He shuffled over to a double gas ring, fitted to the right of the meagre and unused fireplace, lifted the kettle as if testing by weight that it held sufficient water, and lit the gas. He took down two of the jugs from one of the boxes and set them out on a further box which he dragged between himself and Dalgliesh. It held a number of neatly folded newspapers which looked as if they hadn’t been read. He spread one over the top of the box and set out the blue mugs and a bottle of milk as formally as if they were about to drink from Crown Derby. He didn’t speak again until the tea was made and poured. Then he said: “I wasn’t her only lover.”

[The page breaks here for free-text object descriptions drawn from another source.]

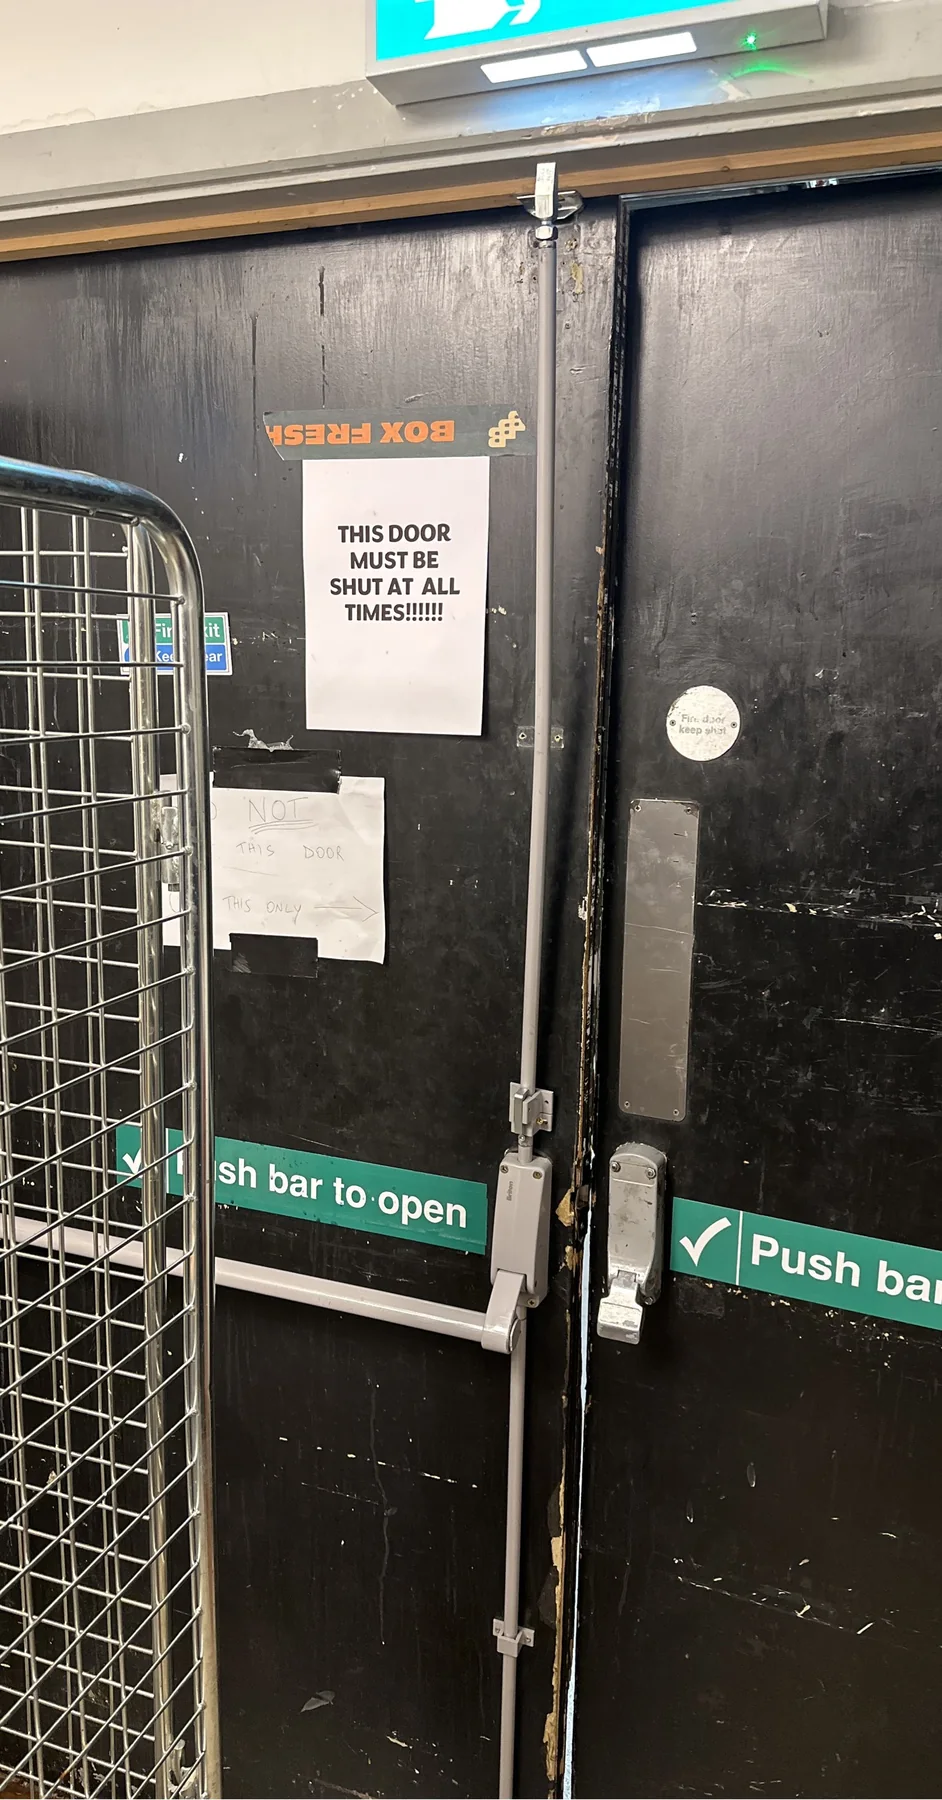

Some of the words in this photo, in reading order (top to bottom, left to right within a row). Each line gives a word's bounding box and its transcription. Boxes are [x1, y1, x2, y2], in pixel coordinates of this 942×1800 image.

[265, 422, 372, 446] FRESH
[380, 420, 455, 445] BOX
[338, 525, 384, 543] THIS
[388, 523, 451, 542] DOOR
[350, 551, 408, 570] MUST
[413, 551, 439, 569] BE
[329, 577, 383, 596] SHUT
[387, 578, 414, 595] AT
[421, 577, 461, 595] ALL
[344, 602, 444, 621] TIMES!!!!!!
[678, 725, 702, 736] keep
[248, 797, 309, 822] NOT
[236, 841, 275, 857] THIS
[303, 845, 345, 861] DOOR
[222, 895, 251, 913] THIS
[266, 901, 302, 925] ONLY
[268, 1164, 323, 1199] bar
[333, 1177, 367, 1208] to
[377, 1190, 467, 1228] open
[751, 1233, 861, 1288] Push
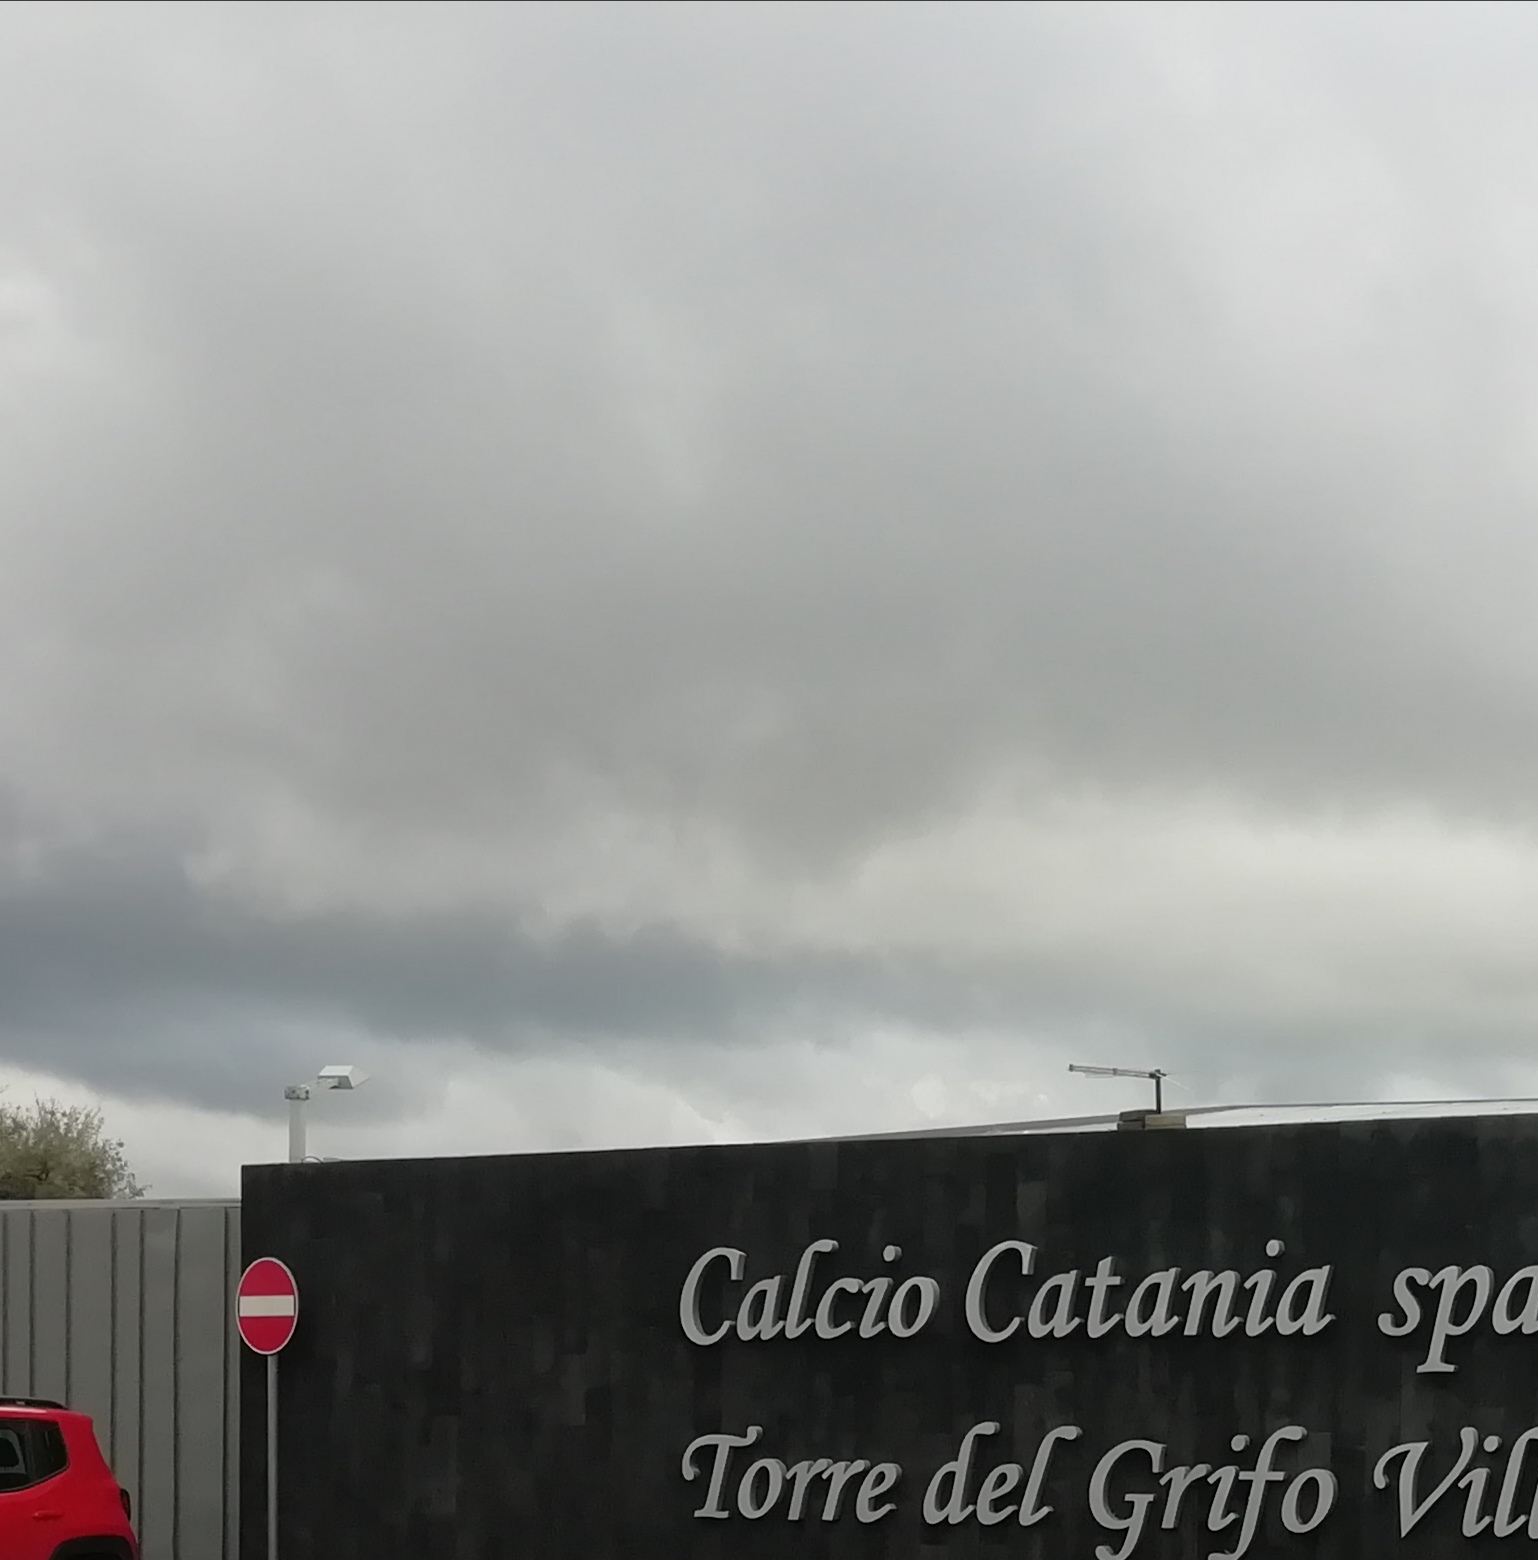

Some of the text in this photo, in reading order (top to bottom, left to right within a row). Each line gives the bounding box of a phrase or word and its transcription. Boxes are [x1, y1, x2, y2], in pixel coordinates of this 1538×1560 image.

“Did she tell you about the others?”

“No, but I think one of them was a doctor. Perhaps more than one. That wouldn’t be surprising in the circumstances. We were talking once about sex and she said that a man’s nature and character were always completely revealed when he made love. That if he were selfish or insensitive or brutal he couldn’t conceal it in bed whatever he might do with his clothes on. Then she said that she had once slept with a surgeon and it was only too apparent that most of the bodies he came into contact with had been anaesthetized first; that he was so busy admiring his own technique that it never occurred to him that he was in bed with a conscious woman. She laughed about it. I don’t think she minded very much. She laughed about a great many things.”

“But you don’t think she was happy?”

He appeared to be considering. Dalgliesh thought: And for God’s sake don’t answer, “Who is?”

“No, not really happy. Not for most of the time. But she did know how to be happy. That was the important thing.”

“How did you meet her?”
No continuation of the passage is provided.